Segment Start: Recorded data

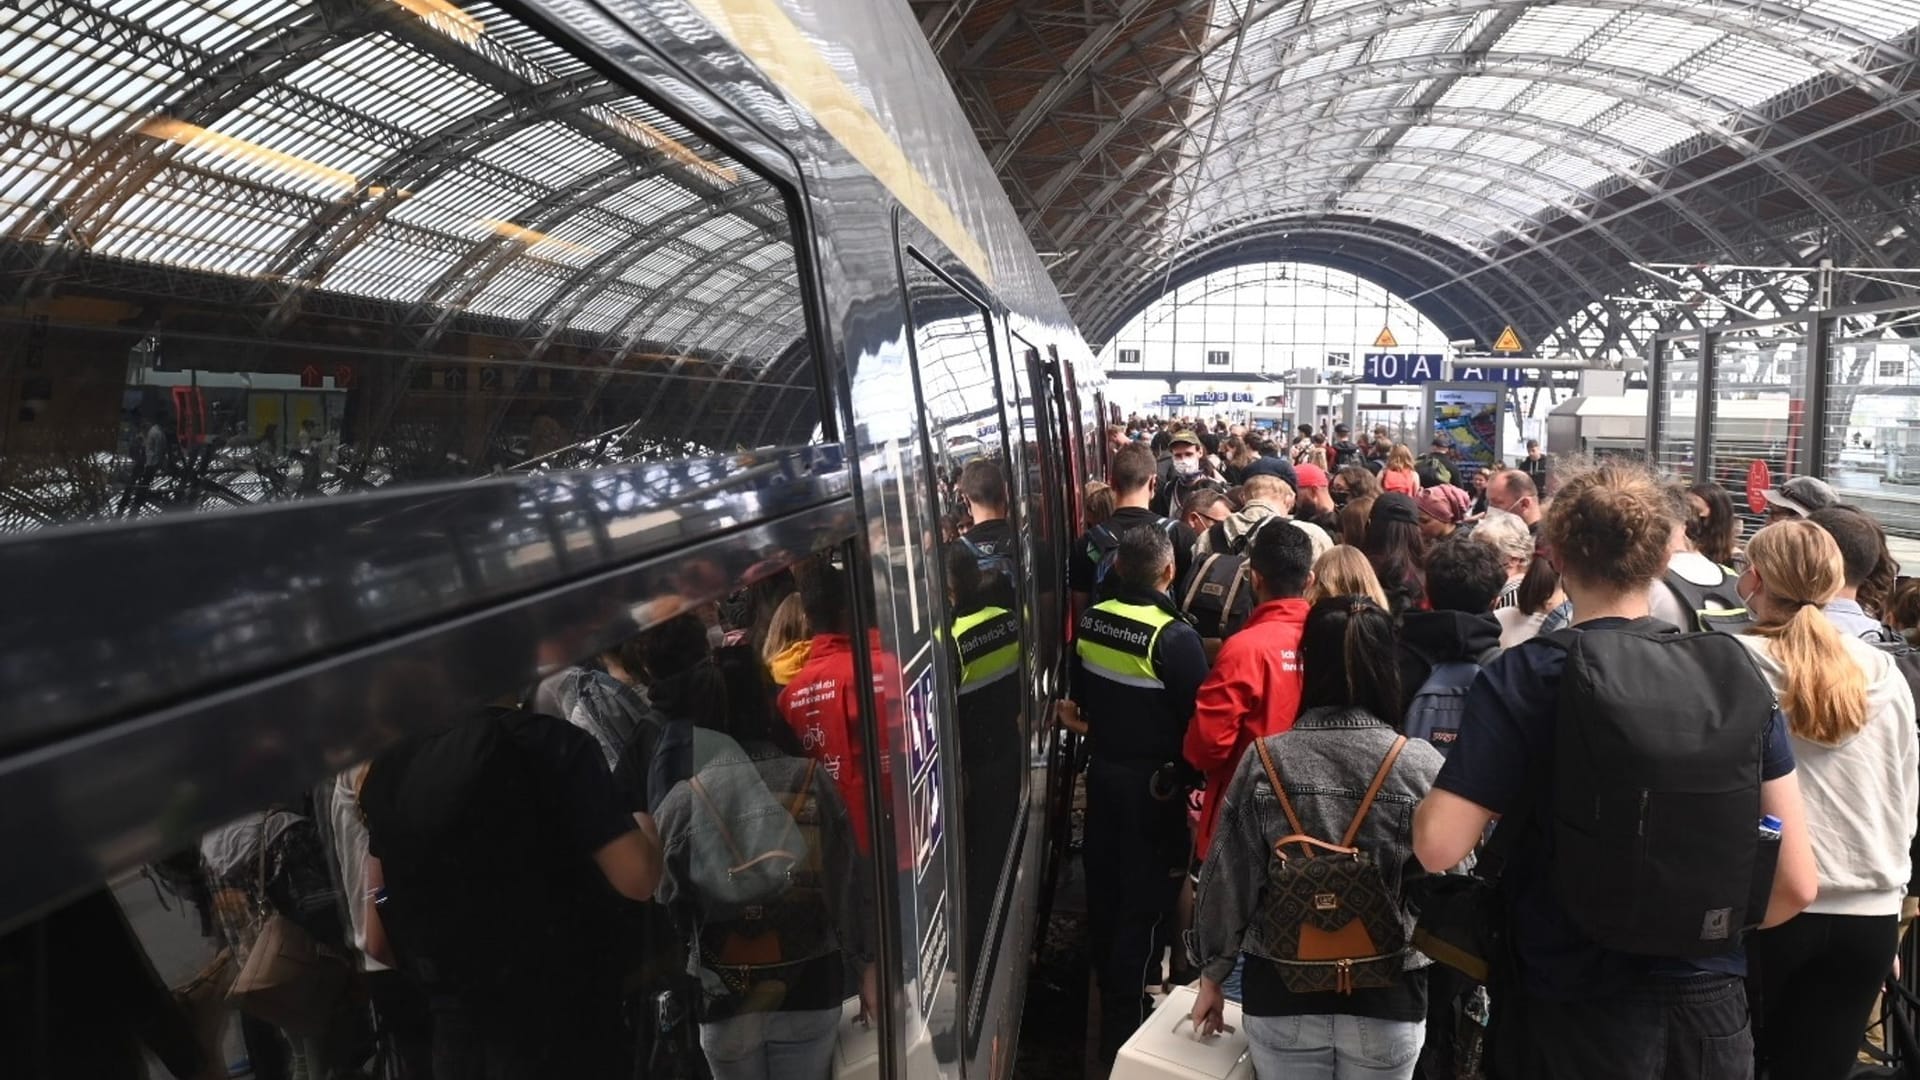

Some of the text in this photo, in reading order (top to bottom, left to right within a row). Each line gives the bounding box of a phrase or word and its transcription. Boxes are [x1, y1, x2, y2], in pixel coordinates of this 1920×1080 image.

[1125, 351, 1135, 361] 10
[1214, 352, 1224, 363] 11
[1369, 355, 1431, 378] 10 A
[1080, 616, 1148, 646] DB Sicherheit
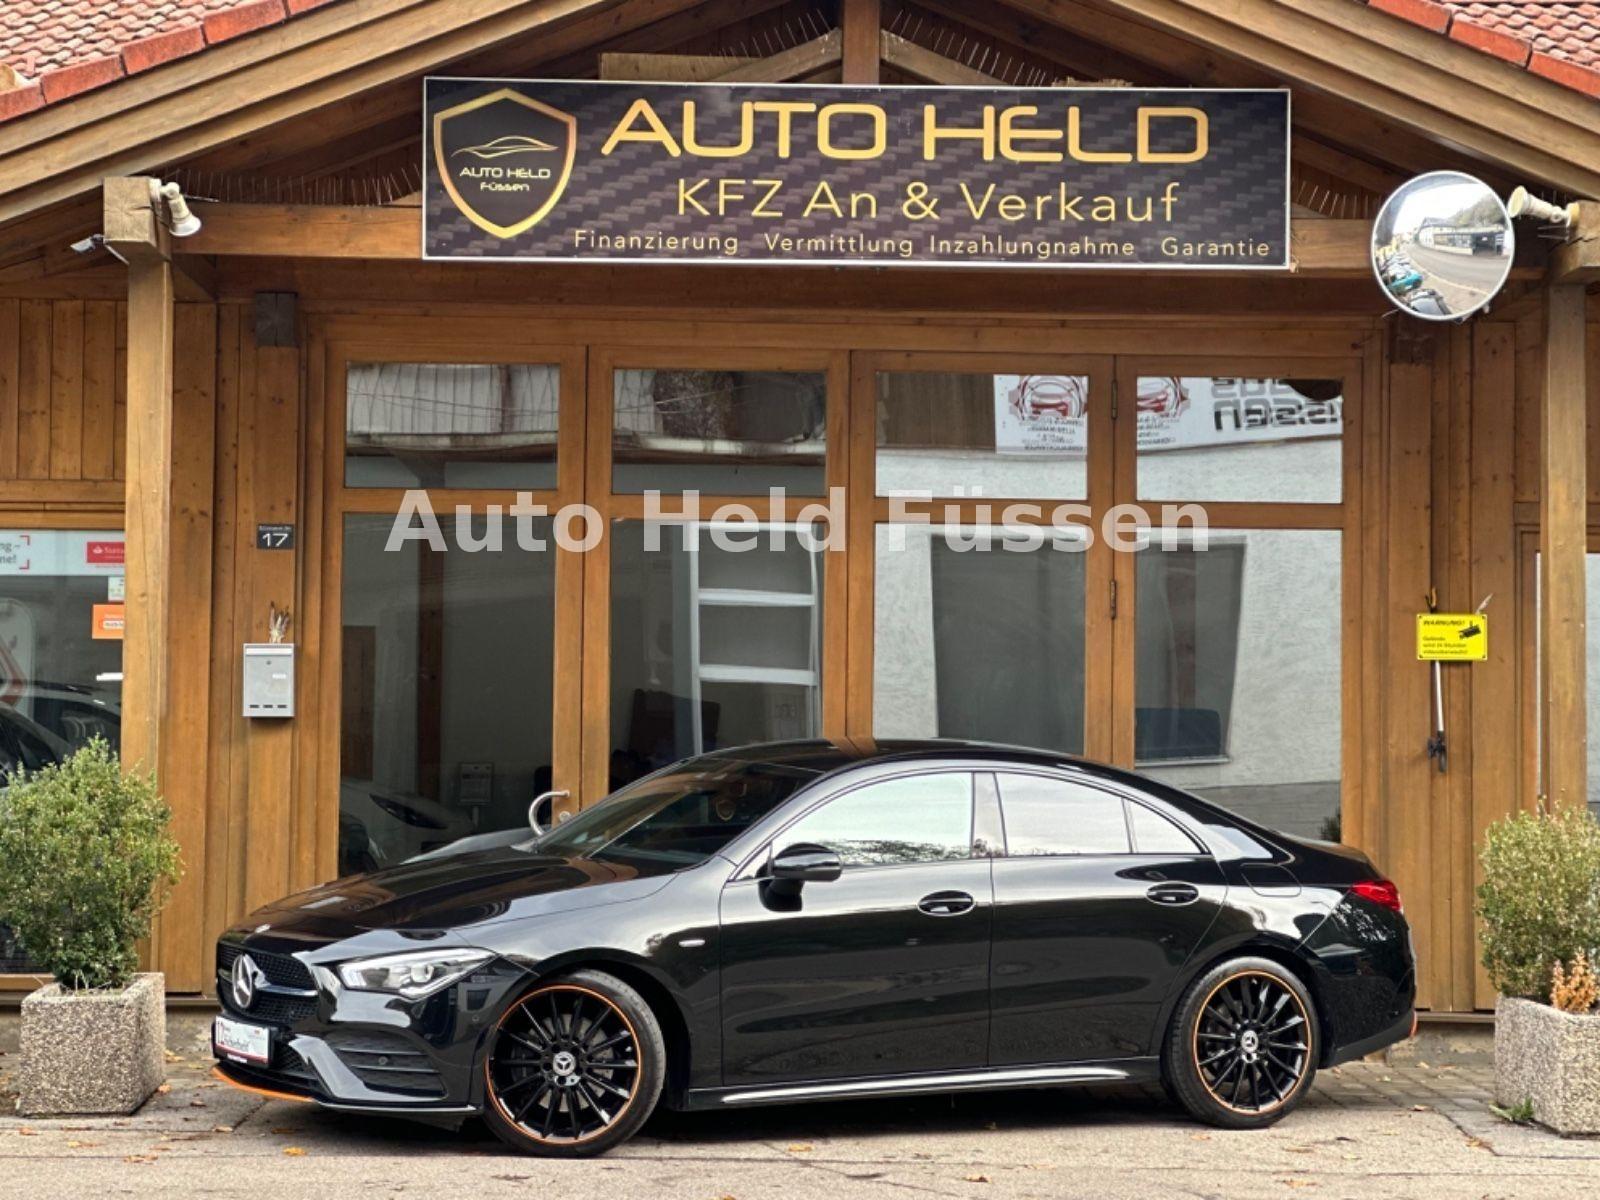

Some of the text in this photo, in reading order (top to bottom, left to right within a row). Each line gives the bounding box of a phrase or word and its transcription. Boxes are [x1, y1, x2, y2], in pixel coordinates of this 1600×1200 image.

Segment End: Recorded data

#### [Instructions for the task]
An exact, image-free transcript of the material is required.

#### [Written answer]
Some of the text in this photo, in reading order (top to bottom, left to right within a row). Each line gives the bounding box of a phrase or word and its transcription. Boxes are [x1, y1, x2, y2], in pixel coordinates of this 1920×1080 image.

[1125, 351, 1135, 361] 10
[1214, 352, 1224, 363] 11
[1369, 355, 1431, 378] 10 A
[1080, 616, 1148, 646] DB Sicherheit

Some of the text in this photo, in reading order (top to bottom, left to right within a row). Each line gives the bounding box of a phrase or word and its transcription. Boxes are [x1, y1, x2, y2], in pixel coordinates of this 1600×1200 image.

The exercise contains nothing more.